Projet comportant un risque de caractère commercial

[99]        Ce moyen subsidiaire qu’a soulevé l’intimée ne tient pas.

[100]   J’ai conclu que l’appelante n’a pas recouru aux crédits croisés à des fins de spéculation. J’ai également conclu que l’intention initiale de l’appelante n’avait pas été remplacée par une intention ultérieure fondée sur la spéculation lorsqu’elle a pris la décision de liquider les crédits croisés. Le risque qui existait lorsque l’appelante avait recouru aux crédits croisés avait diminué et il n’était plus nécessaire de les conserver. En guise d’analogie, l’investisseur qui achète des actions pour son portefeuille peut décider de les vendre s’il est en mesure d’obtenir un bon prix. Cela ne signifie pas qu’il fait de la spéculation. Il en va de même en l’espèce. Le fait que l’appelante a saisi l’occasion de mettre fin aux crédits croisés lorsqu’ils étaient [traduction] « dans le cours » ne transforme pas automatiquement l’opération de couverture en spéculation donnant lieu à un projet comportant un risque de caractère commercial pourvu qu’une explication valable existe pour mettre fin à la couverture. 

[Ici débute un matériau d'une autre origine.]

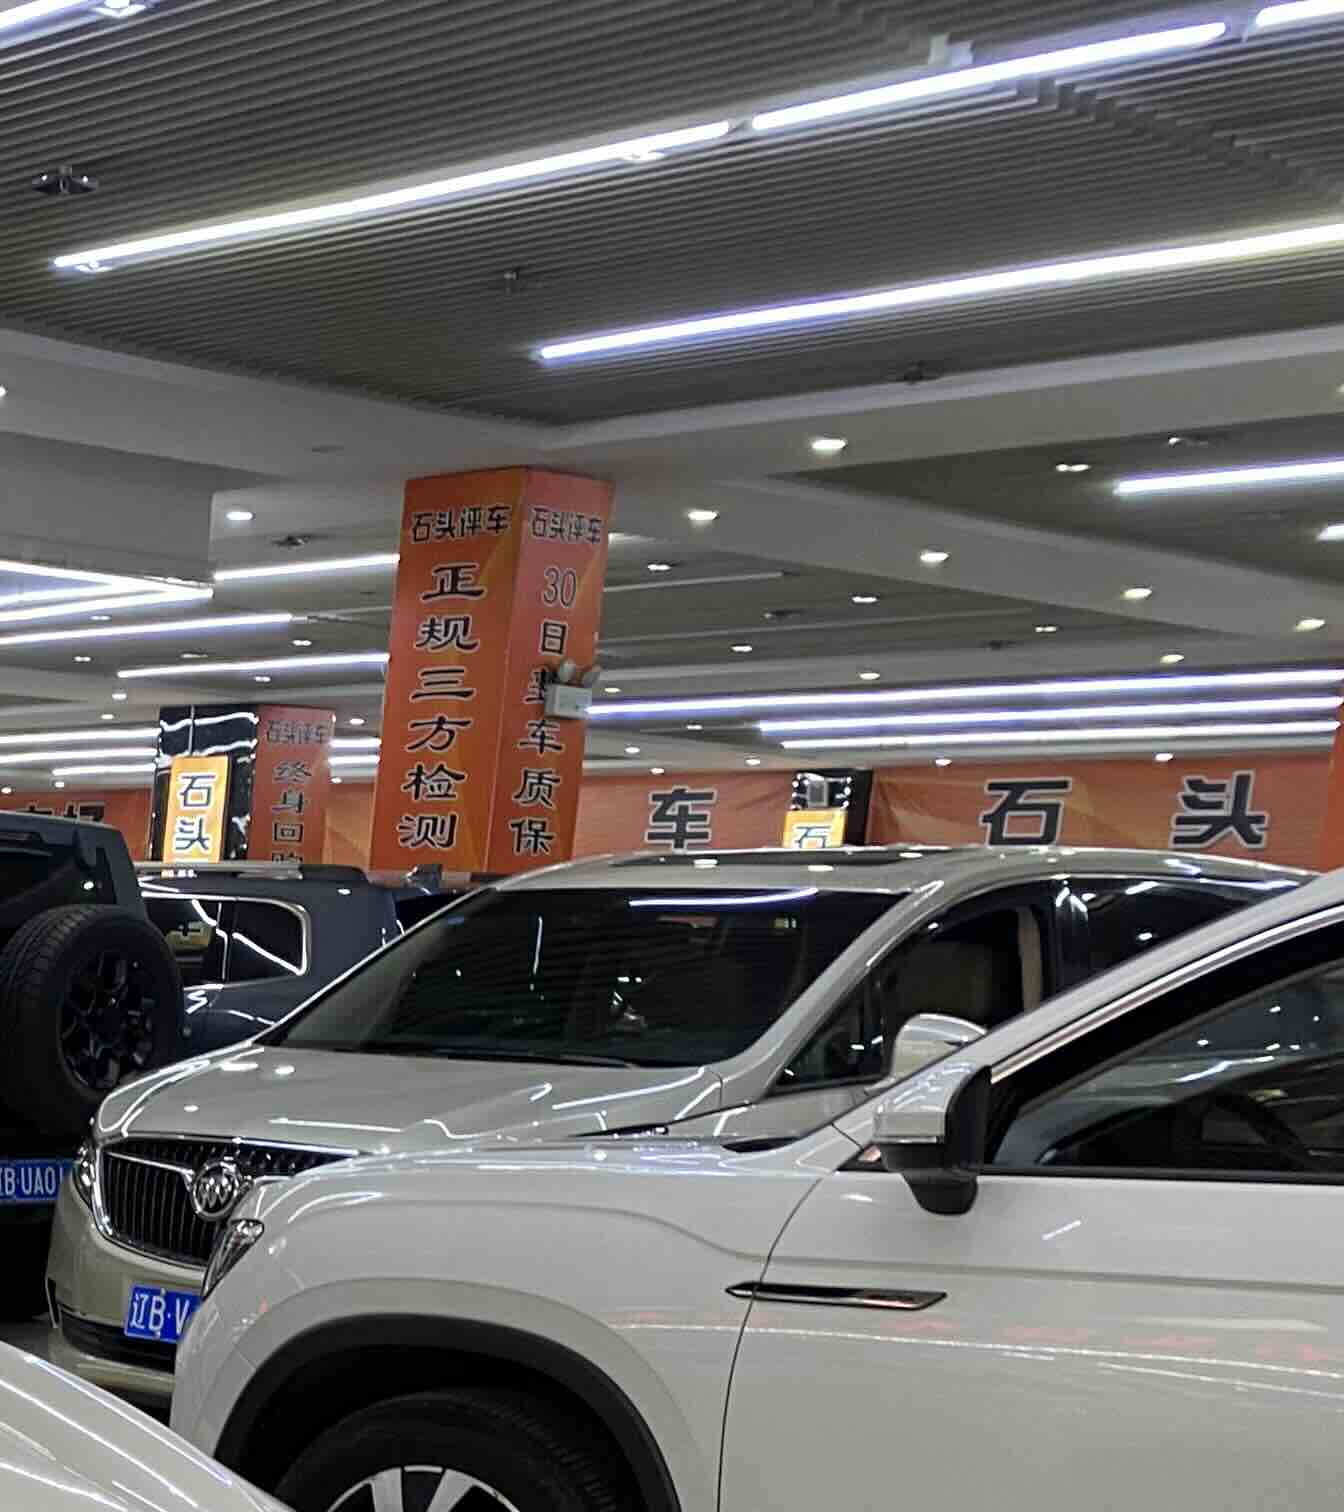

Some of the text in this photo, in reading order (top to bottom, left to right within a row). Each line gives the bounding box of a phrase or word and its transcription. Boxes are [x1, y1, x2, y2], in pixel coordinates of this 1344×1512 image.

[101]   L’appelante a cité la décision que j’ai rendue à l’occasion de l’affaire Les propriétés Belcourt Inc. c. La Reine, 2014 CCI 208, [2014] DTC 1182, qui contient au paragraphe 30, la liste suivante de facteurs, énoncés dans la décision Happy Valley Farms Ltd. v. The Queen, [1986] 2 C.T.C. 259, à suivre pour trancher la question de savoir si une opération constitue un projet comportant un risque de caractère commercial :

Plusieurs critères, dont un bon nombre sont semblables à ceux qui ont été énoncés par la Cour dans l’arrêt Taylor, ont été utilisés par les tribunaux afin de déterminer si un gain constitue un revenu ou s’il est imputable au capital. Mentionnons, entre autres choses, les critères suivants :

1.  La nature du bien qui est vendu. Presque tous les biens, quels qu’ils soient, peuvent être acquis pour qu’on en fasse le commerce, mais certains genres de biens, comme les produits manufacturés, qui sont en général commercialisés seulement, font rarement l’objet d’un investissement. Il y a plus de chances pour qu’un bien qui ne rapporte à son propriétaire aucun revenu ou qui ne lui procure aucune satisfaction personnelle du simple fait qu’il lui appartient soit acquis afin d’être vendu que le bien qui rapporte pareille [sic] revenu ou procure pareille satisfaction.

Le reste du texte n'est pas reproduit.